And while I applaud the 5.1 Dolby Digital surround options (available here for all five films), the mixes still are a little flat, lacking any type of natural, deep bass. Voice quality, similarly, lacks a deeper resonance, but this isn't uncommon of late 1960s/early 1970s features.

Audio Transfer Grade: B+

 

Disc Extras

Animated menu with music
Scene Access with 150 cues and remote access
Subtitles/Captions in English, Spanish with remote access
25 Original Trailer(s)
5 Other Trailer(s) featuring Planet Of The Apes (2001)
2 Feature/Episode commentaries by Roddy McDowall, Kim Hunter, Natalie Trundy, John Chambers, Jerry Goldsmith
Weblink/DVD-ROM Material
Packaging: Box Set
Picture Disc
6 Discs
6-Sided disc(s)
Layers: dual

Extra Extras:
  1. Photo Gallery
  2. Text Commentary
Extras Review: The six discs come housed in a thin cardboard slipcase.

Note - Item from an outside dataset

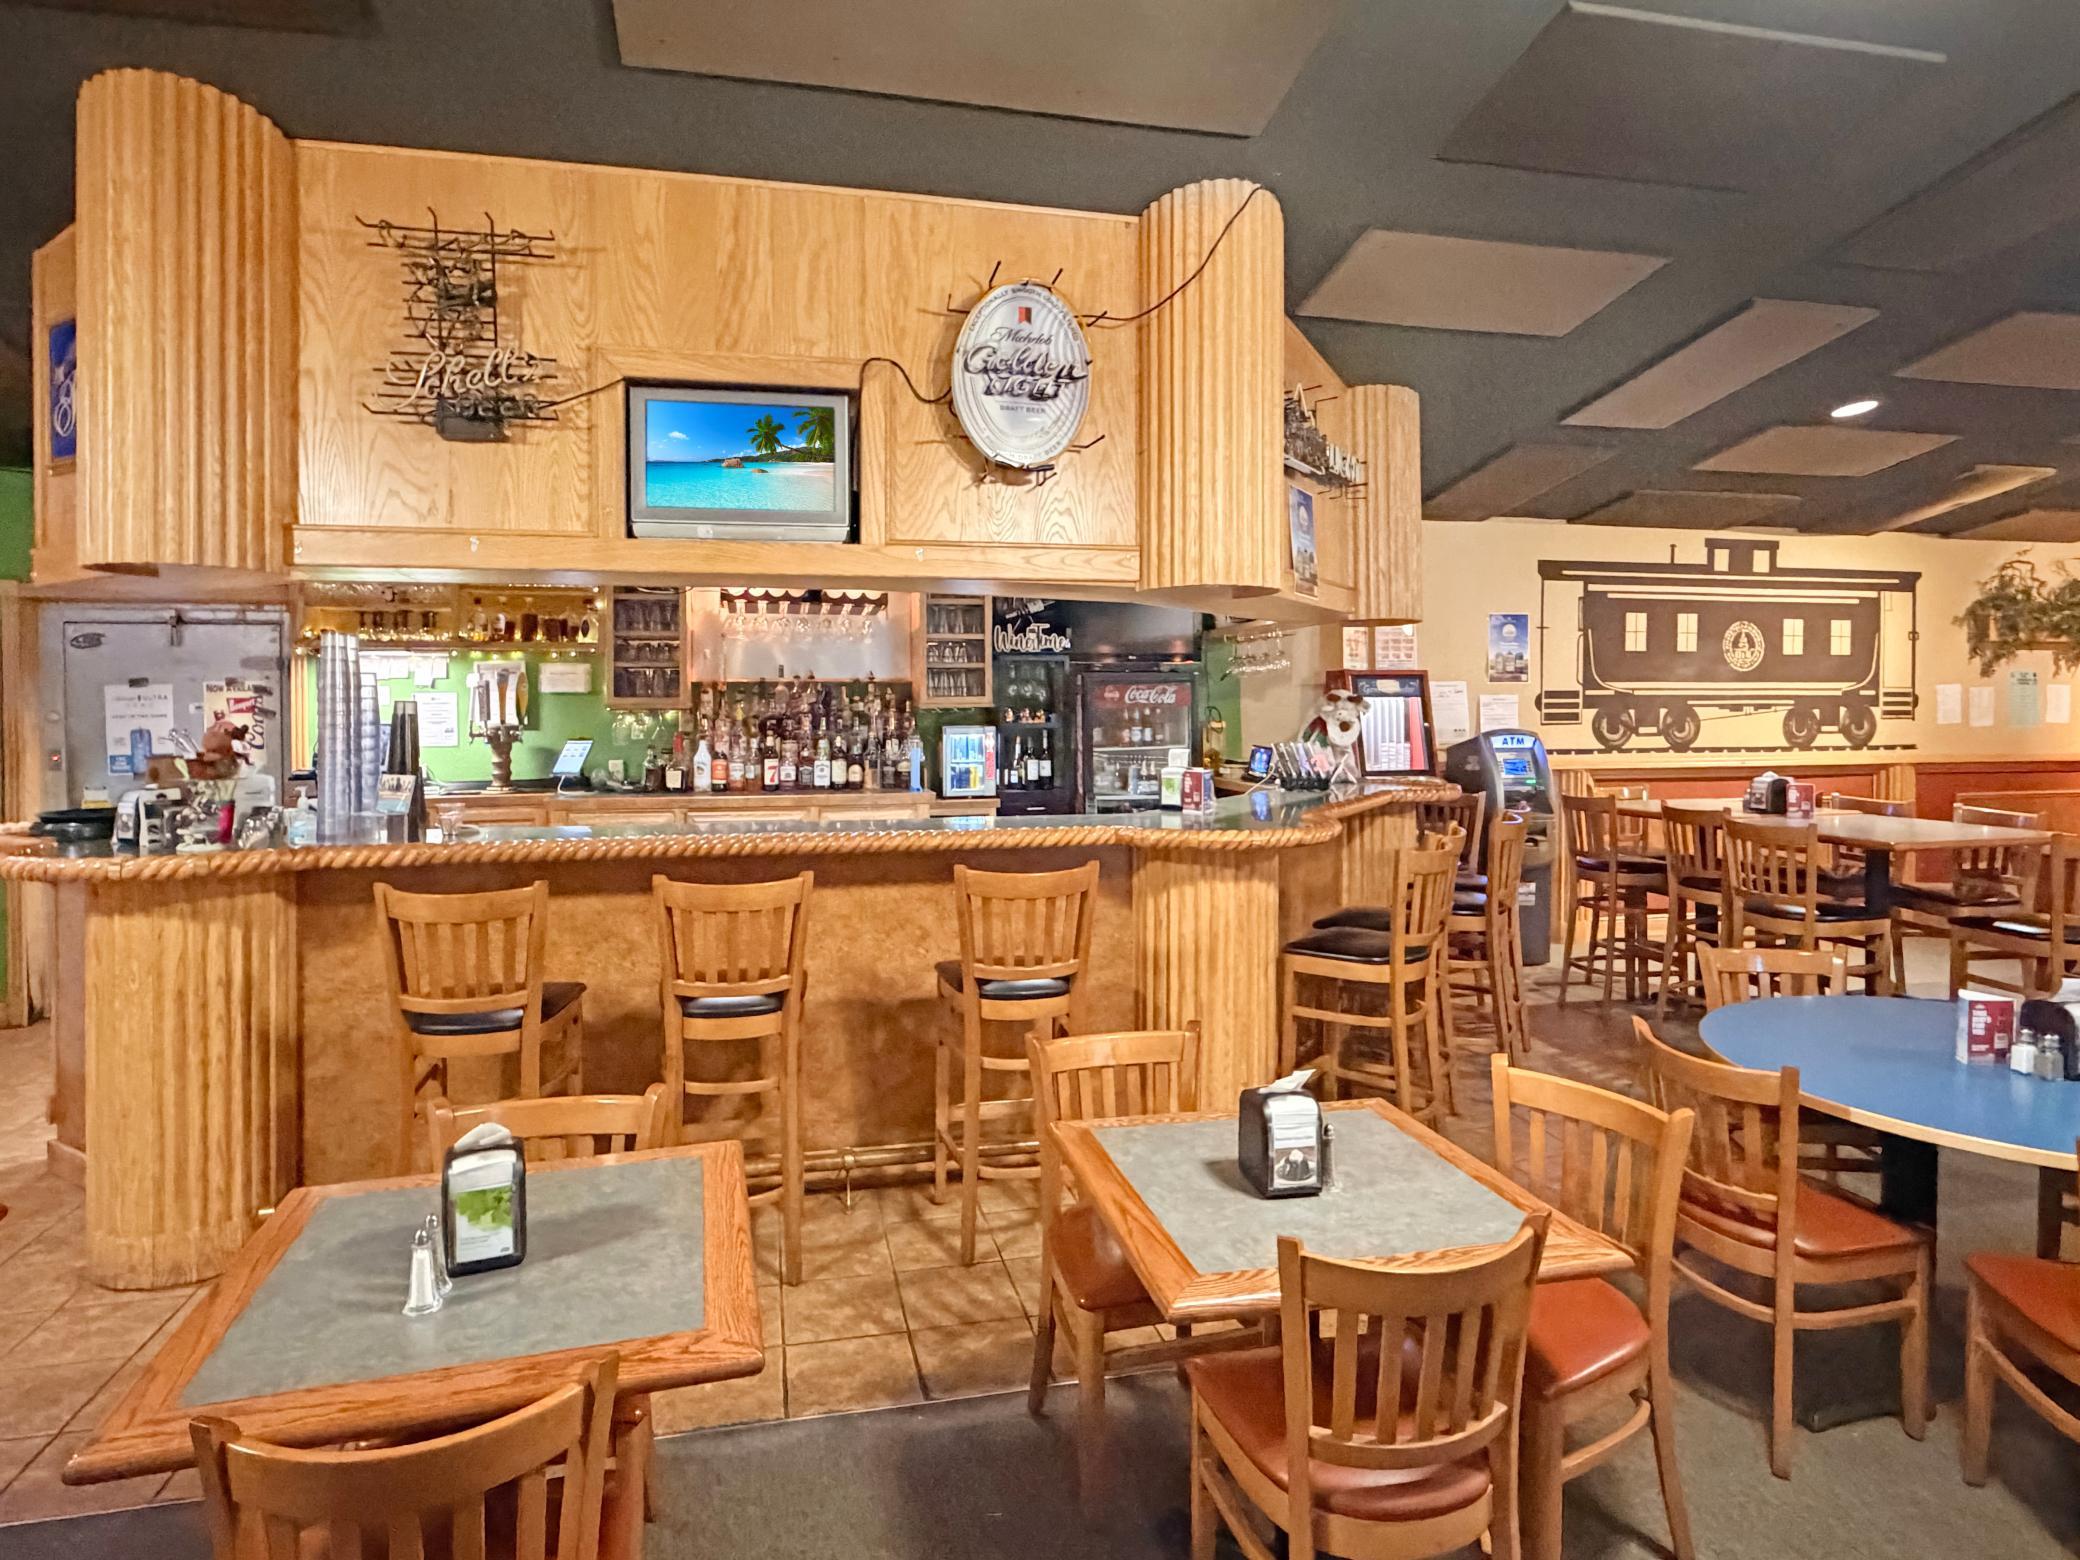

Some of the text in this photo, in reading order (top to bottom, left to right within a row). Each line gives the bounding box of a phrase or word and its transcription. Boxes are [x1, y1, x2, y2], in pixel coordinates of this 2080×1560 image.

Only the Planet of the Apes disc has any extras to speak of, and those were already found on the anniversary release. It's a pair of audio commentaries, one decent (composer Jerry Goldsmith), the other dreadful (Roddy McDowall, Kim Hunter, Natalie Trundy, John Chambers). Composer tracks are kind of rare, and perhaps that's why I liked this one (on principle), because even though Goldsmith isn't the most riveting speaker, his discussion of the creation of the innovative score is nothing if not interesting. But the other track is a horrible mess, cobbled together from interviews, and there are so many silent gaps I thought for while I had a faulty disc. A third commentary, a text-based one from author Eric Greene, is the salvation here, and despite the celebrity weight of the participants on the standard commentary tracks, this read-it-yourself version is the most informative.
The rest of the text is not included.